France : Retraites : les mauvais comptes de l’État sur l’assurance vieillesse

Le déficit de la branche vieillesse s’établira à 4,4 milliards d’euros cette année alors que l’État tablait sur un équilibre des comptes.

Les mesures post-"gilets jaunes" vont coûter cher à l’État, et notamment pour l’assurance vieillesse. Le budget de la sécurité sociale doit être présenté ce lundi 30 septembre, et le moins que l’on puisse dire c’est que les chiffres attendus sont loin d’être réjouissants. Le déficit du régime général et du Fonds de solidarité vieillesse, qui finance notamment les droits à la retraite des chômeurs, devrait atteindre 5,4 milliards d’euros cette année, expliquent Les Échos. Une dégradation financière importante alors que l’État tablait sur un équilibre de ces comptes un an plus tôt.

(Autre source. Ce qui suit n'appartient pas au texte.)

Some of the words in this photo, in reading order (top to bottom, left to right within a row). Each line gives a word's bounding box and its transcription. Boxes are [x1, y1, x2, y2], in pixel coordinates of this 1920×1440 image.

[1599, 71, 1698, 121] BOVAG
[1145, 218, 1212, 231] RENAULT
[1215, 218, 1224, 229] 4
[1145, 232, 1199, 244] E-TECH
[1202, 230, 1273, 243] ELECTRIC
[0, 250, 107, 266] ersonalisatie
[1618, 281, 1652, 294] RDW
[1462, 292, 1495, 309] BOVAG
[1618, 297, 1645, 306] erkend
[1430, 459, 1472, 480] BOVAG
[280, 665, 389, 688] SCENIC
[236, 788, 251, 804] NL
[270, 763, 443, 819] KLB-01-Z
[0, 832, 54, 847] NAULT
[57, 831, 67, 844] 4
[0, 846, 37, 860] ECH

Les prévisions pour les années à venir sont tout aussi pessimistes avec un déficit prévu de 5,2 milliards en 2020 et des comptes dans le rouge au moins jusqu’en 2023. C’est l’assurance vieillesse qui devrait être particulièrement touchée par ce manque à gagner. Le régime général des salariés du privé (CNAV) et le Fonds de solidarité vieillesse devraient respectivement enregistrer un déficit de 2,1 et 2,3 milliards d’euros en 2019 et rester dans le rouge en 2020 (-2,7 milliards et -1,4 milliard d’euros).
Croissance et "gilets jaunes" en cause

Ces lourds déficits sont notamment dus au ralentissement de la croissance et aux mesures d’urgence économique et sociale annoncées par le président de la République en réponse à la crise des "gilets jaunes". En effet, la prime Macron de 1.000 euros mise en place cette année et reconduite sous conditions en 2020 a réduit les rentrées de cotisation pour la Sécurité sociale. L’exonération de cotisation sur les heures supplémentaires et la baisse du taux de CSG pour une partie des retraités pèse également sur la branche vieillesse.

Des mesures qui ne seront pas compensées par l’État et qui sont estimées respectivement à "1,2 et 1,5 milliard d’euros", rappelle BFMTV, sans compter la prochaine réindexation des pensions de retraite inférieures à 2.000 euros. Enfin, les flux de départ en retraite ne sont plus freinés par le recul de l’âge de départ de 60 à 62 ans désormais achevé.
Vers des mesures de redressement ?

Ces nouvelles (mauvaises) prévisions financières devraient relancer le débat autour de la nécessité de prendre des mesures de redressement sur les retraites. En août, Emmanuel Macron avait rappelé que la future réforme devrait démarrer avec des comptes à l’équilibre, ce qui semble loin d’être le cas aujourd’hui.

Le gouvernement pourrait également utiliser ces chiffres pour justifier de l’intérêt de sa réforme des retraites, qui vise à instaurer un système universel à point à compter de 2025, alors que débute une seconde phase de concertation avec les syndicats.